The type of claims most commonly filed involve
mistakes of treatment or diagnosis,
or defects of informed consent.
So, the Federal Towards Claim Act,
you may have heard of it if you're an NIH employee,
the legal citations at the bottom of the page.
Again, I mentioned before,
the sovereign immunity doctrine in the United States.
Generally, the United States can't be sued as a party
unless it agrees, by law, to be sued.
And, under the FTCA,
the government is allowing itself to be sued.
And so, what happens is that,
under the Federal Towards Claim Act, or FTCA,
the FTCA becomes the exclusive remedy
for somebody who has a complaint
against the government and its employees.
Generally, the FTCA provides immunity to employees
from claims of negligence
relating to contact that in in their scope of employment.

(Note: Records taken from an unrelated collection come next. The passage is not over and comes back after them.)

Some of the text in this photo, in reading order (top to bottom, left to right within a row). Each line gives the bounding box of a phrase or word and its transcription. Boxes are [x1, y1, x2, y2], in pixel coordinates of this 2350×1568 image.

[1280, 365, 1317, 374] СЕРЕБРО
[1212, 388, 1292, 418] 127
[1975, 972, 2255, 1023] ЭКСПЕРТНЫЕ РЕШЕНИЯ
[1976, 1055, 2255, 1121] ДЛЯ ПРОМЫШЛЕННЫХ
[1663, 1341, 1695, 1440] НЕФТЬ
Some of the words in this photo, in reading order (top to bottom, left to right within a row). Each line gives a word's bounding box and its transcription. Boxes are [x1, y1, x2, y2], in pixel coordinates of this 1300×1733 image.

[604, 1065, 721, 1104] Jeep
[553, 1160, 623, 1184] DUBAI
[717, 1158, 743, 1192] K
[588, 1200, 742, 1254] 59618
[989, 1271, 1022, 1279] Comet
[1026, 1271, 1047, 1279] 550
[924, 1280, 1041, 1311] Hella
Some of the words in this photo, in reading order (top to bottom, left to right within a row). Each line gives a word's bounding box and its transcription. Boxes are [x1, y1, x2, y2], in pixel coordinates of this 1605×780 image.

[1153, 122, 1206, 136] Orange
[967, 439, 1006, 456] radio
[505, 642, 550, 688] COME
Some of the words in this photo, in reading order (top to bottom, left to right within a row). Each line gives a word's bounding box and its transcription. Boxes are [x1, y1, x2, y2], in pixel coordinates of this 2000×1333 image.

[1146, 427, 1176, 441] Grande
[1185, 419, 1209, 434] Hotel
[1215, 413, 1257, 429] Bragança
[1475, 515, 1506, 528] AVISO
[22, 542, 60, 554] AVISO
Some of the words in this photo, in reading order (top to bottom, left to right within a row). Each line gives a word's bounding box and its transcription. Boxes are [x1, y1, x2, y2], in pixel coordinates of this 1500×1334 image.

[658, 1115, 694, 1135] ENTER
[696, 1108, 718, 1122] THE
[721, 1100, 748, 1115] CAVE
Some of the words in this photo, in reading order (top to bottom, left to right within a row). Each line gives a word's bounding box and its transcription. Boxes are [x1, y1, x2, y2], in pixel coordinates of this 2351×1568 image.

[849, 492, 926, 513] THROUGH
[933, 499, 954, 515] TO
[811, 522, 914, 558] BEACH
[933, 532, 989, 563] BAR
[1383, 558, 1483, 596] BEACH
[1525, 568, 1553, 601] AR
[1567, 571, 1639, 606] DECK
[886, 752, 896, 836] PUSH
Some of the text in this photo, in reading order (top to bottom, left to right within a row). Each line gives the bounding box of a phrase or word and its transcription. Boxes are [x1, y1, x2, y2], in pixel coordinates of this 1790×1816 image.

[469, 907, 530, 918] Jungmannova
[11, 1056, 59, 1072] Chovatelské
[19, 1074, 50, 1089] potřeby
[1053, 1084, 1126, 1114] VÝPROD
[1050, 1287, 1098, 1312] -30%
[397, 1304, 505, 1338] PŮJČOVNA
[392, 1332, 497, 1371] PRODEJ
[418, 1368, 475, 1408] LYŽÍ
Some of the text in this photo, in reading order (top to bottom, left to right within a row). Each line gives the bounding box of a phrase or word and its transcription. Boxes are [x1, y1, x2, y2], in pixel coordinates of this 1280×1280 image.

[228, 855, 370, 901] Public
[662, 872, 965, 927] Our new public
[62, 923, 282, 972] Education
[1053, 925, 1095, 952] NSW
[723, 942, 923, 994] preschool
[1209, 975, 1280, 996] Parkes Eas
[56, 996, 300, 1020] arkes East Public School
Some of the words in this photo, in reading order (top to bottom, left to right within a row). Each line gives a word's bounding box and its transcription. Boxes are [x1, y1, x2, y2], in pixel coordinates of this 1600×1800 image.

What would happen is, if somebody is sued
in their official capacity relating to negligence actions
related to the scope of the employment,
the government would substitute itself for the individual.
So, the person would no longer have personal liability.
And if damages were found to be necessary paid out,
it wouldn't come from per se your personal pocket book,
it would be from the government. It's a way, essentially, to--
that the government self-insures itself.
And when FTCA matters come up,
FTCA requires that a claim be filed.
You can't go straight to court and file litigation.
The claim can either be disallowed,
and then the person could file suit,
or the claim could be allowed and it might be settled.
And often times-- always, I should say,
those claims are reviewed by the HHS office,
the general counsel.
And depending on the stage of the claim
and if it has become litigation
of also the Department of Justice,
who defends federal agencies in court.
But the HHS offices general counsel
provides support to the department of justice
in those situations.
And I should note--
oh, I'm sorry, it's on the slide--
that healthcare professionals, for example,
at the clinical center who are not federal employees
are required to be insured,
to maintain professional liability insurance
for the reason of the fact that the FTCA covers employees.
And that is all I have for you today
that I was planning on discussing.
If anybody has any questions, I'd be happy to answer them.
All right, thank you, have a good night.